(Items from a dataset)

• • • • • • •

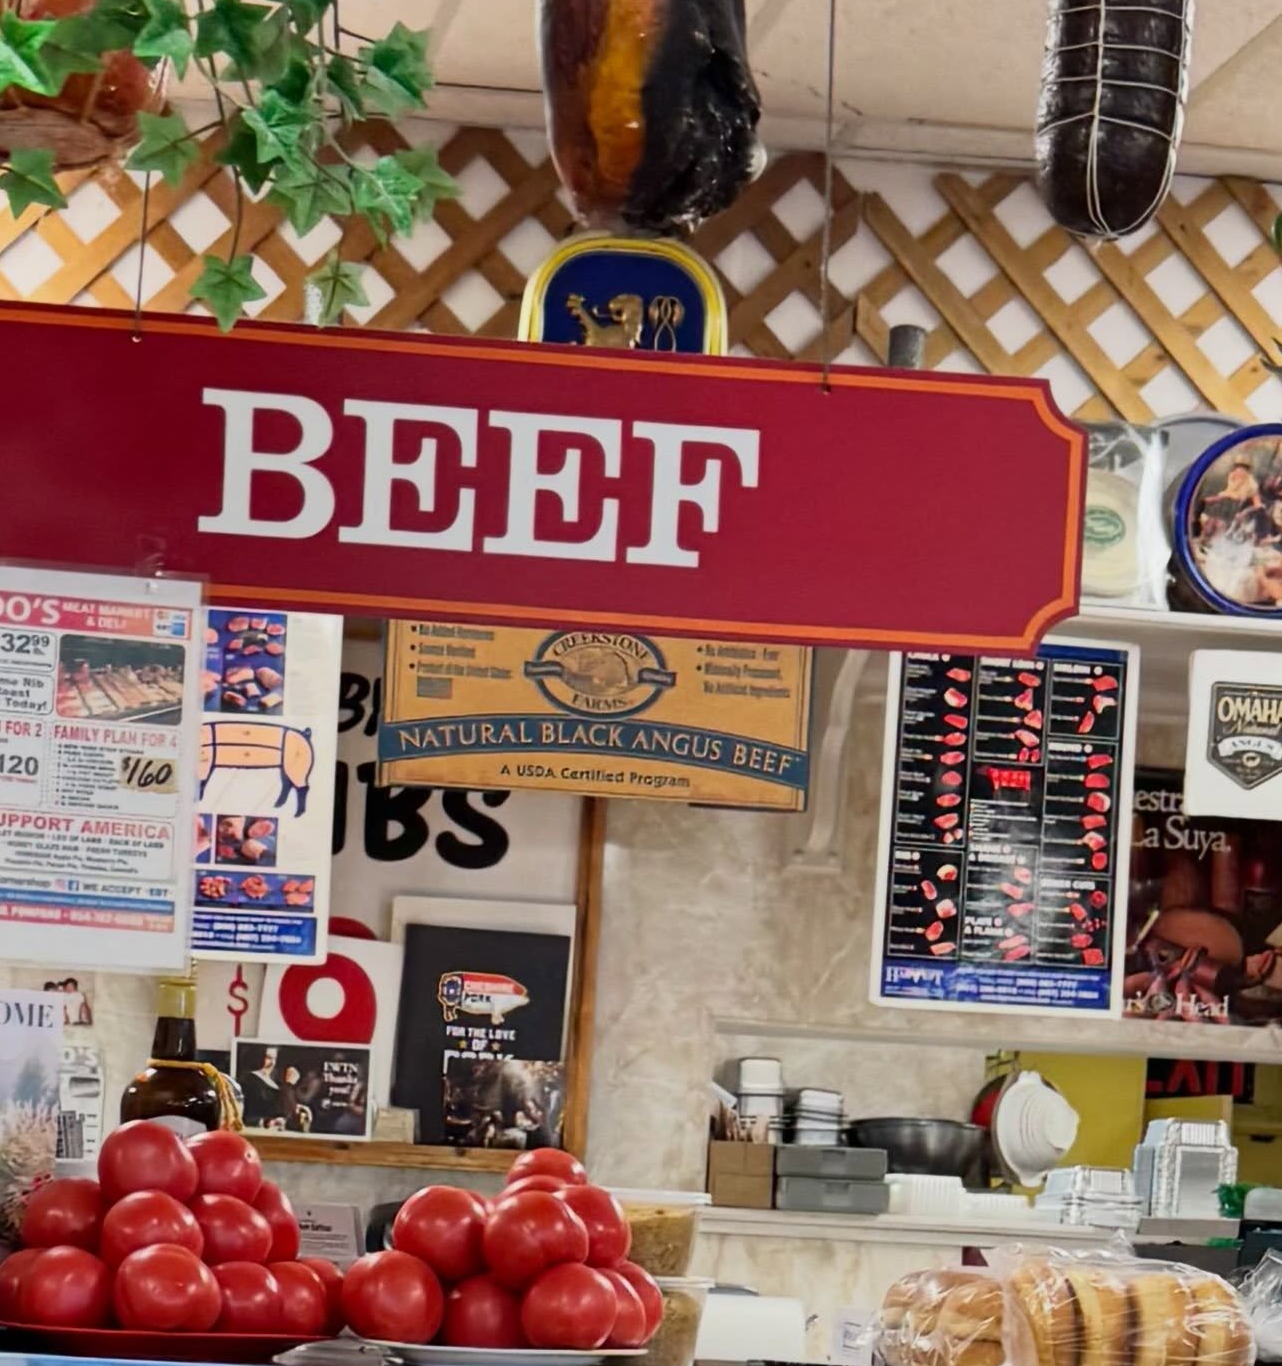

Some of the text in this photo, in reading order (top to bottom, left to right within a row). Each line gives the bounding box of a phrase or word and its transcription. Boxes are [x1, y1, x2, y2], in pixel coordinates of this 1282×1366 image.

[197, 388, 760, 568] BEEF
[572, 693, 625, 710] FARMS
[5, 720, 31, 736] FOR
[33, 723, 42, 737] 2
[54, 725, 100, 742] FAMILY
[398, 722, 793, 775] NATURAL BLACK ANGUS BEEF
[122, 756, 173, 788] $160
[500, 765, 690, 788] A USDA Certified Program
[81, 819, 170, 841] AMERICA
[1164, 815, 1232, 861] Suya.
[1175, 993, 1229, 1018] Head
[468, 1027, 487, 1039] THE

• • • • • • •

## Activity
The answer must be the full set of records, repeated exactly, with no pictures.

## Task result
Some of the text in this photo, in reading order (top to bottom, left to right within a row). Each line gives the bounding box of a phrase or word and its transcription. Boxes are [x1, y1, x2, y2], in pixel coordinates of this 1282×1366 image.

[197, 388, 760, 568] BEEF
[572, 693, 625, 710] FARMS
[5, 720, 31, 736] FOR
[33, 723, 42, 737] 2
[54, 725, 100, 742] FAMILY
[398, 722, 793, 775] NATURAL BLACK ANGUS BEEF
[122, 756, 173, 788] $160
[500, 765, 690, 788] A USDA Certified Program
[81, 819, 170, 841] AMERICA
[1164, 815, 1232, 861] Suya.
[1175, 993, 1229, 1018] Head
[468, 1027, 487, 1039] THE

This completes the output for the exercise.